Chronic Hepatitis Delta (CHD)

To support global commercialization of the combination of tobevibart, an investigational neutralizing monoclonal antibody (mAb), and elebsiran, an investigational small interfering RNA (siRNA), for the treatment of CHD, the Company granted Norgine Pharma UK Limited (Norgine) an exclusive commercial license in Europe, Australia and New Zealand.
Phase 2 SOLSTICE data presented at the 44ᵗʰ Annual J.P. Morgan Healthcare Conference in January 2026 showed the combination of tobevibart and elebsiran is well tolerated and achieved undetectable hepatitis delta virus RNA (HDV RNA Target Not Detected, TND) in 88% (21/24) of participants with CHD evaluable at Week 96 of treatment.
Previous positive Phase 2 SOLSTICE data at Week 48 were presented at the American Association for the Study of Liver Diseases (AASLD) The Liver Meeting 2025 and simultaneously published in the New England Journal of Medicine.1
Topline data from the ECLIPSE 1 trial are expected in the fourth quarter of 2026. Topline data from the ECLIPSE 2 and ECLIPSE 3 trials are expected in the first quarter of 2027.
Solid Tumors

VIR-5500

The Company executed a global strategic collaboration with Astellas2 to advance PSMA-targeted PRO-XTEN dual-masked TCE VIR-5500, currently in development for metastatic castration-resistant prostate cancer (mCRPC).
Positive updated Phase 1 data for VIR-5500 monotherapy showed dose-dependent anti-tumor activity and a well-tolerated safety profile to date in patients with mCRPC. The data will be shared during the Company’s fourth quarter and full year conference call today and in an oral presentation at the 2026 American Society of Clinical Oncology (ASCO) (Free ASCO Whitepaper) Genitourinary Cancers Symposium on February 26 (Oral Abstract #17).

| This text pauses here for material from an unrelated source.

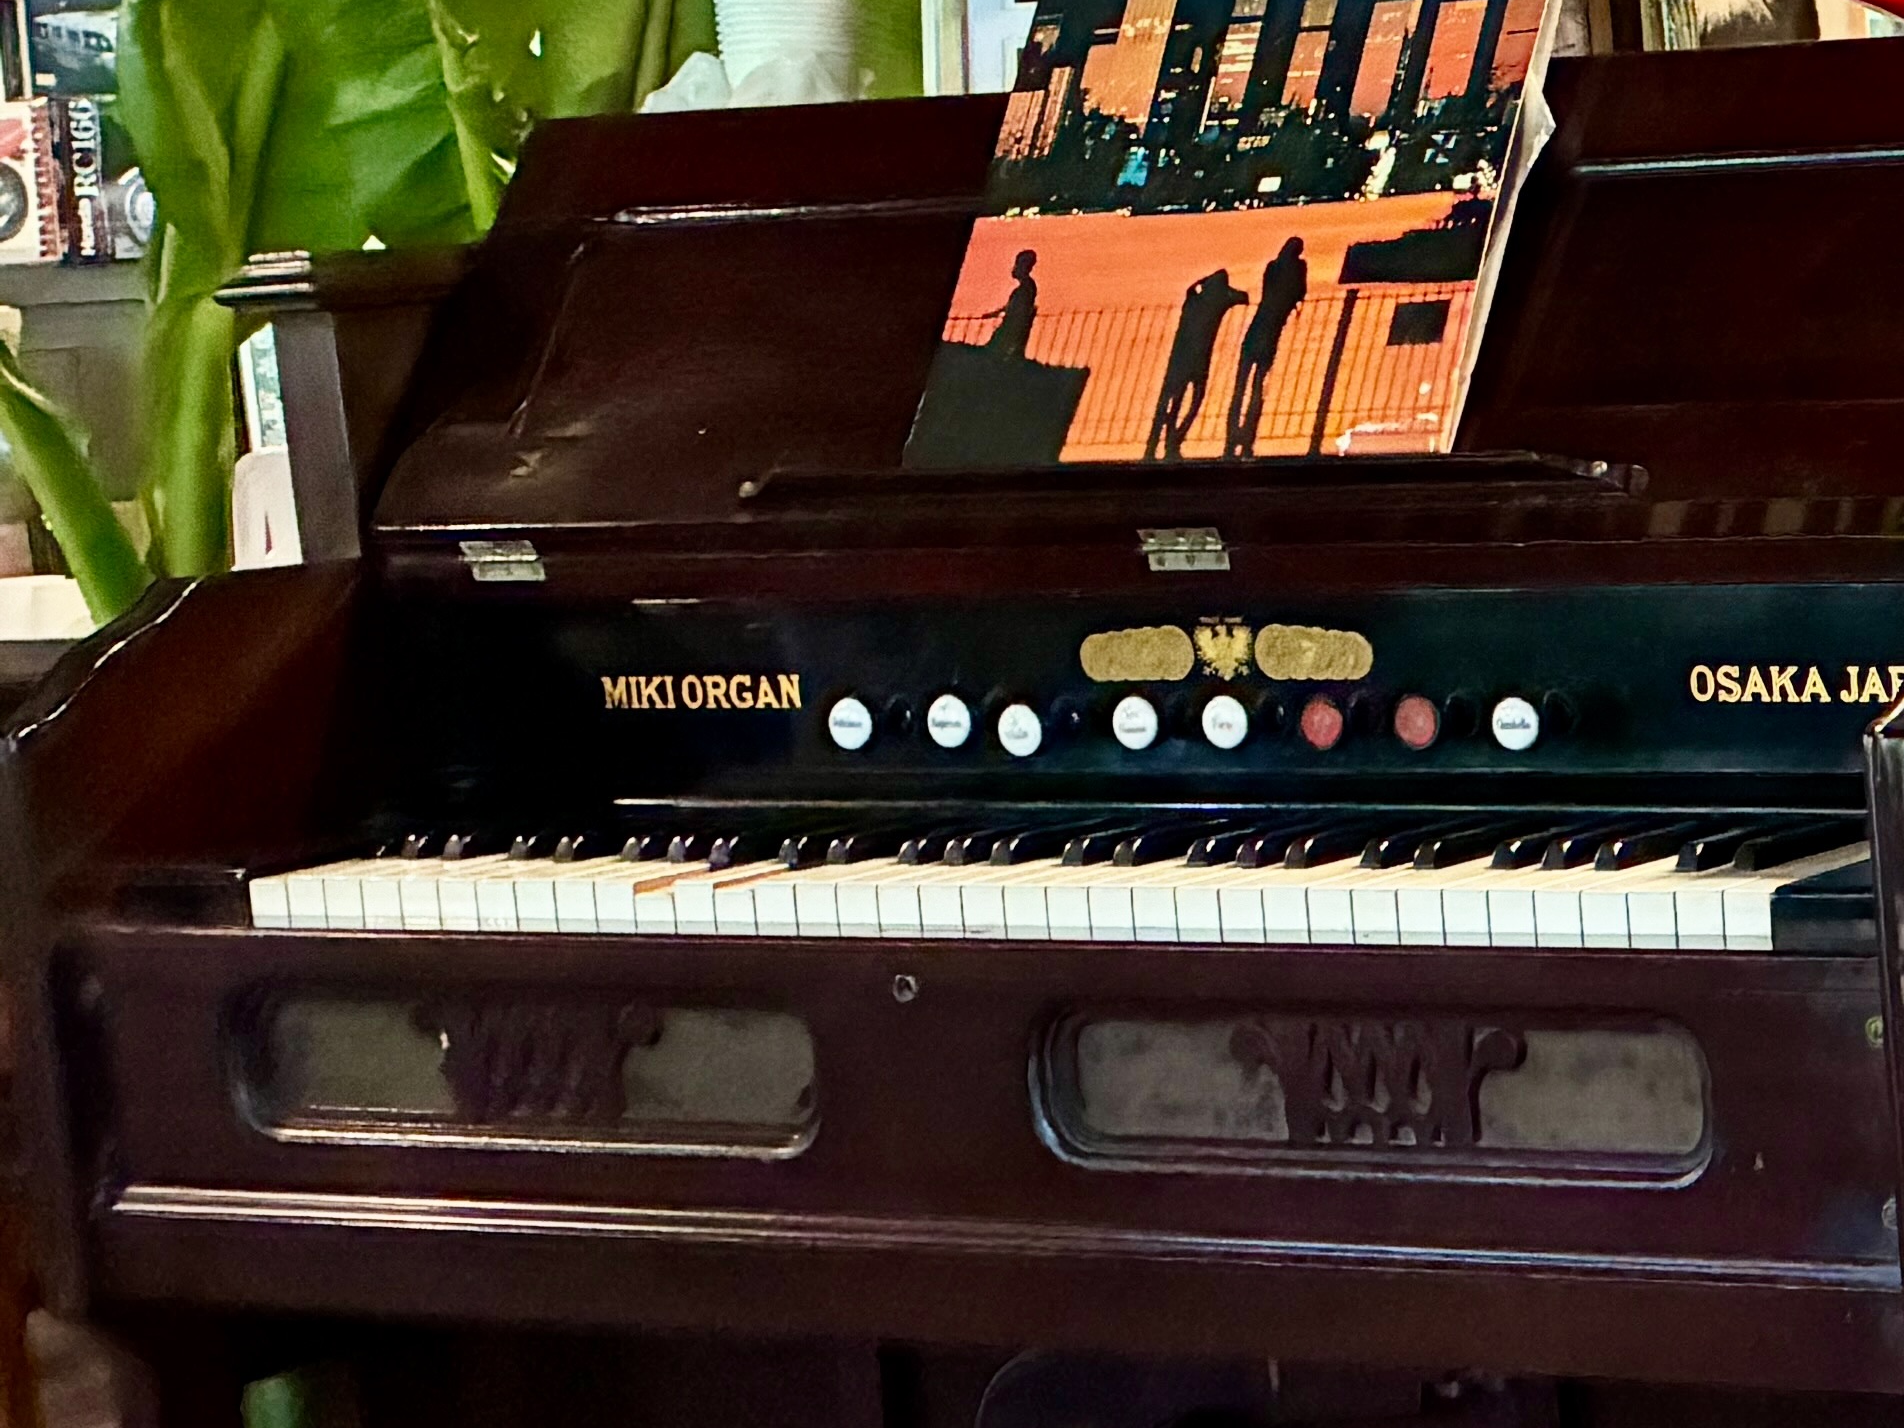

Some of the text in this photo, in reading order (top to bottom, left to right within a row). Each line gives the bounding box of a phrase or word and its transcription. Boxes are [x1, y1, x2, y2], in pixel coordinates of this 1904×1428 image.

[602, 673, 802, 710] MIKI ORGAN
[1690, 665, 1829, 704] OSAKA

The oral presentation will be delivered by Dr. Johann de Bono, Principal Investigator and Director of the Drug Development Unit and Head of Prostate Cancer Targeted Therapy Group at the Institute of Cancer Research.
Phase 1 monotherapy dose-escalation of weekly and once every three weeks dosing of VIR-5500 is complete, and the Company has defined a preliminary go-forward dose and regimen recommendation for expansion. In parallel, dose-escalation of VIR-5500 in combination with enzalutamide continues in early-line mCRPC patients.
The Company anticipates initiating monotherapy dose-expansion cohorts in late-line mCRPC and combination dose-expansion cohorts in both early-line mCRPC and metastatic hormone-sensitive prostate cancer (mHSPC) in the second quarter of 2026 followed by pivotal Phase 3 trials in 2027.
VIR-5818

Phase 1 dose-escalation of VIR-5818, a HER2-targeted PRO-XTEN dual-masked TCE, in combination with pembrolizumab continues, with response data expected in the second half of 2026.
VIR-5525

The Phase 1 study of VIR-5525, an EGFR-targeted PRO-XTEN dual-masked TCE, continues enrollment as expected.
Preclinical Pipeline Candidates

The Company is currently progressing a number of PRO-XTEN masked TCEs in preclinical studies directed at clinically validated targets with potential applications across a variety of solid tumors, including lung, colorectal and bladder.
Fourth Quarter and Full Year 2025 Financial Results

Cash, Cash Equivalents and Investments: As of December 31, 2025, the Company had approximately $781.6 million in cash, cash equivalents and investments, representing a decline of approximately $29.1 million during the fourth quarter of 2025. For the full year of 2025, cash, cash equivalents and investments declined approximately $313.8 million. During the fourth quarter, the Company received a $64.3 million initial cost reimbursement payment upon signing the license agreement with Norgine.

Revenue: Revenue for the fourth quarter of 2025 was $64.1 million compared to $12.4 million for the same period in 2024. Revenue for the full year of 2025 was $68.6 million compared to $74.2 million in 2024. The increase in the fourth quarter was primarily driven by the recognition of $64.3 million license revenue related to the initial cost reimbursement payment received under the license agreement with Norgine. The decrease in the full year was primarily due to lower license and collaboration revenue from GSK and lower grant revenue, partially offset by the license revenue recognized under the license agreement with Norgine.

Cost of Revenue: The change in cost of revenue for the fourth quarter and full year of 2025 compared to the same periods in 2024 was nominal.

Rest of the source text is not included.